*Records provided*:

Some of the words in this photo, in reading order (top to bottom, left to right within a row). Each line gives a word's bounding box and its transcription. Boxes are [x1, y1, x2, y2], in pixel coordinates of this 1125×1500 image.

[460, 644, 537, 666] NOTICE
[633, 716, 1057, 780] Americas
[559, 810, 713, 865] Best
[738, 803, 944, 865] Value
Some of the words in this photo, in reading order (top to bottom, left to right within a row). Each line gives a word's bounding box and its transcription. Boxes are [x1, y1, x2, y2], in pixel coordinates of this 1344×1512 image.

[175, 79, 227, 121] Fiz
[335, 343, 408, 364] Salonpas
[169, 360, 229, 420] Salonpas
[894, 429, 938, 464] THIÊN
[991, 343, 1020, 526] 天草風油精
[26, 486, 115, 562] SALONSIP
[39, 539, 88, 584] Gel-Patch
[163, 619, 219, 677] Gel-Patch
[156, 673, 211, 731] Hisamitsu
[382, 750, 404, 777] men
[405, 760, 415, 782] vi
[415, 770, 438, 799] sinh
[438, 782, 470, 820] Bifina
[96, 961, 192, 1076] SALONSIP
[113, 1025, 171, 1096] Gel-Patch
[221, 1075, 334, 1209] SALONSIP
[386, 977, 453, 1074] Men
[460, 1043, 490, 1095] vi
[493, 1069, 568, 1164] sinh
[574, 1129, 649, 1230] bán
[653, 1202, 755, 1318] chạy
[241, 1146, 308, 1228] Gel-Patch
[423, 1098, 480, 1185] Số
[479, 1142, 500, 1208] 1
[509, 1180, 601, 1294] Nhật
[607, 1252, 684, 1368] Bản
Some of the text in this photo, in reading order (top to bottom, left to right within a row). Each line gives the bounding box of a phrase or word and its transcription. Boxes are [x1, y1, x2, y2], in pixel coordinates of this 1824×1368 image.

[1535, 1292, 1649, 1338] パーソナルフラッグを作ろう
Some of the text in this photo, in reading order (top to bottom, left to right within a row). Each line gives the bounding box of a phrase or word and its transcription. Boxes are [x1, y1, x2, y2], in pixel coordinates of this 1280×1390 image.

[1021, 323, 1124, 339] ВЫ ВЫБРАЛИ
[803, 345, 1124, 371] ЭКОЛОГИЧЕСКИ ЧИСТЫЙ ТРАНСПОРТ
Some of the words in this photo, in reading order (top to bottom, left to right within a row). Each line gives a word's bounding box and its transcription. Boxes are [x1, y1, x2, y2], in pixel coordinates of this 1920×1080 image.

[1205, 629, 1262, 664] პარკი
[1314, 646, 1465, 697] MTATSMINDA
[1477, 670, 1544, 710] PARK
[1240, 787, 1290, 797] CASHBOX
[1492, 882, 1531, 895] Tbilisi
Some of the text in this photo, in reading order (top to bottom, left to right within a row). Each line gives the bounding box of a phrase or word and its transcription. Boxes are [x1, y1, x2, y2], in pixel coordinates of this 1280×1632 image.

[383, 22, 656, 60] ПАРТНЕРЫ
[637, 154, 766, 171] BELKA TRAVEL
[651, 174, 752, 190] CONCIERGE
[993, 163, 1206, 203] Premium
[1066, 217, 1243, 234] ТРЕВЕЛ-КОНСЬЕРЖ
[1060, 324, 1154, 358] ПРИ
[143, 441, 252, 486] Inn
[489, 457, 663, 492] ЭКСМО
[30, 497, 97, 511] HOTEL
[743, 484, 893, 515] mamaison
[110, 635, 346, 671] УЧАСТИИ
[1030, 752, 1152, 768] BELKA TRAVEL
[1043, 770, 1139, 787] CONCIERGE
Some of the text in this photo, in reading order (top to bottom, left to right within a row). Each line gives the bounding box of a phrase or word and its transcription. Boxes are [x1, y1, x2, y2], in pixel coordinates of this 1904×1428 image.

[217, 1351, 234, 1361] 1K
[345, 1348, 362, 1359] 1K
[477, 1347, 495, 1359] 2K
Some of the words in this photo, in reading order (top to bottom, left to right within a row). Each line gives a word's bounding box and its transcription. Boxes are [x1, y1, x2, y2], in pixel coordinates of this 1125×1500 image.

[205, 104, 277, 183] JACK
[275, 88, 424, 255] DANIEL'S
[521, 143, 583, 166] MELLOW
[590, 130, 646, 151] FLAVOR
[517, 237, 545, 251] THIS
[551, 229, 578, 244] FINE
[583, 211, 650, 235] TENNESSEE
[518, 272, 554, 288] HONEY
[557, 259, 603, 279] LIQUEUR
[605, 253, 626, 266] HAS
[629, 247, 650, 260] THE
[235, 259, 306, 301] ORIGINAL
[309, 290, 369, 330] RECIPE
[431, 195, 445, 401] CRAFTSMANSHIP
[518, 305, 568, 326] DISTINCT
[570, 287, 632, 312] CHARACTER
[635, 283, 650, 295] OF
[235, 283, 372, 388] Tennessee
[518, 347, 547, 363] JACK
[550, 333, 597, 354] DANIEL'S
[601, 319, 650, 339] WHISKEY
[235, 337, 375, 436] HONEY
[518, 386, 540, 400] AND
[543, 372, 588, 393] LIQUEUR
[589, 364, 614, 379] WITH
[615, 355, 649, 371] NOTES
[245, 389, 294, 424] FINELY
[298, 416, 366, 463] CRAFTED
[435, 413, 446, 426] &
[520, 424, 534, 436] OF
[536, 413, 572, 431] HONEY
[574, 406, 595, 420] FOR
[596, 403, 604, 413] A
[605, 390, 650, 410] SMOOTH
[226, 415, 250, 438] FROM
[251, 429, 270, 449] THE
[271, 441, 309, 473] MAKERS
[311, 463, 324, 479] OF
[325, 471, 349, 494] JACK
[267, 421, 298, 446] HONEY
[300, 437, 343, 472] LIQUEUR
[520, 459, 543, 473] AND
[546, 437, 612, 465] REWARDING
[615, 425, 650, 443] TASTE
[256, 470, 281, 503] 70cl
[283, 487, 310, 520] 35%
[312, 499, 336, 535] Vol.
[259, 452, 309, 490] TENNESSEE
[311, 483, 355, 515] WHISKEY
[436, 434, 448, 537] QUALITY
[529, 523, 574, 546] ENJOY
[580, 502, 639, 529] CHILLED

*What to work on*:
What is wanted is the full set of entries above, reproduced exactly.

*Problem solution*:
Some of the words in this photo, in reading order (top to bottom, left to right within a row). Each line gives a word's bounding box and its transcription. Boxes are [x1, y1, x2, y2], in pixel coordinates of this 1125×1500 image.

[460, 644, 537, 666] NOTICE
[633, 716, 1057, 780] Americas
[559, 810, 713, 865] Best
[738, 803, 944, 865] Value
Some of the words in this photo, in reading order (top to bottom, left to right within a row). Each line gives a word's bounding box and its transcription. Boxes are [x1, y1, x2, y2], in pixel coordinates of this 1344×1512 image.

[175, 79, 227, 121] Fiz
[335, 343, 408, 364] Salonpas
[169, 360, 229, 420] Salonpas
[894, 429, 938, 464] THIÊN
[991, 343, 1020, 526] 天草風油精
[26, 486, 115, 562] SALONSIP
[39, 539, 88, 584] Gel-Patch
[163, 619, 219, 677] Gel-Patch
[156, 673, 211, 731] Hisamitsu
[382, 750, 404, 777] men
[405, 760, 415, 782] vi
[415, 770, 438, 799] sinh
[438, 782, 470, 820] Bifina
[96, 961, 192, 1076] SALONSIP
[113, 1025, 171, 1096] Gel-Patch
[221, 1075, 334, 1209] SALONSIP
[386, 977, 453, 1074] Men
[460, 1043, 490, 1095] vi
[493, 1069, 568, 1164] sinh
[574, 1129, 649, 1230] bán
[653, 1202, 755, 1318] chạy
[241, 1146, 308, 1228] Gel-Patch
[423, 1098, 480, 1185] Số
[479, 1142, 500, 1208] 1
[509, 1180, 601, 1294] Nhật
[607, 1252, 684, 1368] Bản
Some of the text in this photo, in reading order (top to bottom, left to right within a row). Each line gives the bounding box of a phrase or word and its transcription. Boxes are [x1, y1, x2, y2], in pixel coordinates of this 1824×1368 image.

[1535, 1292, 1649, 1338] パーソナルフラッグを作ろう
Some of the text in this photo, in reading order (top to bottom, left to right within a row). Each line gives the bounding box of a phrase or word and its transcription. Boxes are [x1, y1, x2, y2], in pixel coordinates of this 1280×1390 image.

[1021, 323, 1124, 339] ВЫ ВЫБРАЛИ
[803, 345, 1124, 371] ЭКОЛОГИЧЕСКИ ЧИСТЫЙ ТРАНСПОРТ
Some of the words in this photo, in reading order (top to bottom, left to right within a row). Each line gives a word's bounding box and its transcription. Boxes are [x1, y1, x2, y2], in pixel coordinates of this 1920×1080 image.

[1205, 629, 1262, 664] პარკი
[1314, 646, 1465, 697] MTATSMINDA
[1477, 670, 1544, 710] PARK
[1240, 787, 1290, 797] CASHBOX
[1492, 882, 1531, 895] Tbilisi
Some of the text in this photo, in reading order (top to bottom, left to right within a row). Each line gives the bounding box of a phrase or word and its transcription. Boxes are [x1, y1, x2, y2], in pixel coordinates of this 1280×1632 image.

[383, 22, 656, 60] ПАРТНЕРЫ
[637, 154, 766, 171] BELKA TRAVEL
[651, 174, 752, 190] CONCIERGE
[993, 163, 1206, 203] Premium
[1066, 217, 1243, 234] ТРЕВЕЛ-КОНСЬЕРЖ
[1060, 324, 1154, 358] ПРИ
[143, 441, 252, 486] Inn
[489, 457, 663, 492] ЭКСМО
[30, 497, 97, 511] HOTEL
[743, 484, 893, 515] mamaison
[110, 635, 346, 671] УЧАСТИИ
[1030, 752, 1152, 768] BELKA TRAVEL
[1043, 770, 1139, 787] CONCIERGE
Some of the text in this photo, in reading order (top to bottom, left to right within a row). Each line gives the bounding box of a phrase or word and its transcription. Boxes are [x1, y1, x2, y2], in pixel coordinates of this 1904×1428 image.

[217, 1351, 234, 1361] 1K
[345, 1348, 362, 1359] 1K
[477, 1347, 495, 1359] 2K
Some of the words in this photo, in reading order (top to bottom, left to right within a row). Each line gives a word's bounding box and its transcription. Boxes are [x1, y1, x2, y2], in pixel coordinates of this 1125×1500 image.

[205, 104, 277, 183] JACK
[275, 88, 424, 255] DANIEL'S
[521, 143, 583, 166] MELLOW
[590, 130, 646, 151] FLAVOR
[517, 237, 545, 251] THIS
[551, 229, 578, 244] FINE
[583, 211, 650, 235] TENNESSEE
[518, 272, 554, 288] HONEY
[557, 259, 603, 279] LIQUEUR
[605, 253, 626, 266] HAS
[629, 247, 650, 260] THE
[235, 259, 306, 301] ORIGINAL
[309, 290, 369, 330] RECIPE
[431, 195, 445, 401] CRAFTSMANSHIP
[518, 305, 568, 326] DISTINCT
[570, 287, 632, 312] CHARACTER
[635, 283, 650, 295] OF
[235, 283, 372, 388] Tennessee
[518, 347, 547, 363] JACK
[550, 333, 597, 354] DANIEL'S
[601, 319, 650, 339] WHISKEY
[235, 337, 375, 436] HONEY
[518, 386, 540, 400] AND
[543, 372, 588, 393] LIQUEUR
[589, 364, 614, 379] WITH
[615, 355, 649, 371] NOTES
[245, 389, 294, 424] FINELY
[298, 416, 366, 463] CRAFTED
[435, 413, 446, 426] &
[520, 424, 534, 436] OF
[536, 413, 572, 431] HONEY
[574, 406, 595, 420] FOR
[596, 403, 604, 413] A
[605, 390, 650, 410] SMOOTH
[226, 415, 250, 438] FROM
[251, 429, 270, 449] THE
[271, 441, 309, 473] MAKERS
[311, 463, 324, 479] OF
[325, 471, 349, 494] JACK
[267, 421, 298, 446] HONEY
[300, 437, 343, 472] LIQUEUR
[520, 459, 543, 473] AND
[546, 437, 612, 465] REWARDING
[615, 425, 650, 443] TASTE
[256, 470, 281, 503] 70cl
[283, 487, 310, 520] 35%
[312, 499, 336, 535] Vol.
[259, 452, 309, 490] TENNESSEE
[311, 483, 355, 515] WHISKEY
[436, 434, 448, 537] QUALITY
[529, 523, 574, 546] ENJOY
[580, 502, 639, 529] CHILLED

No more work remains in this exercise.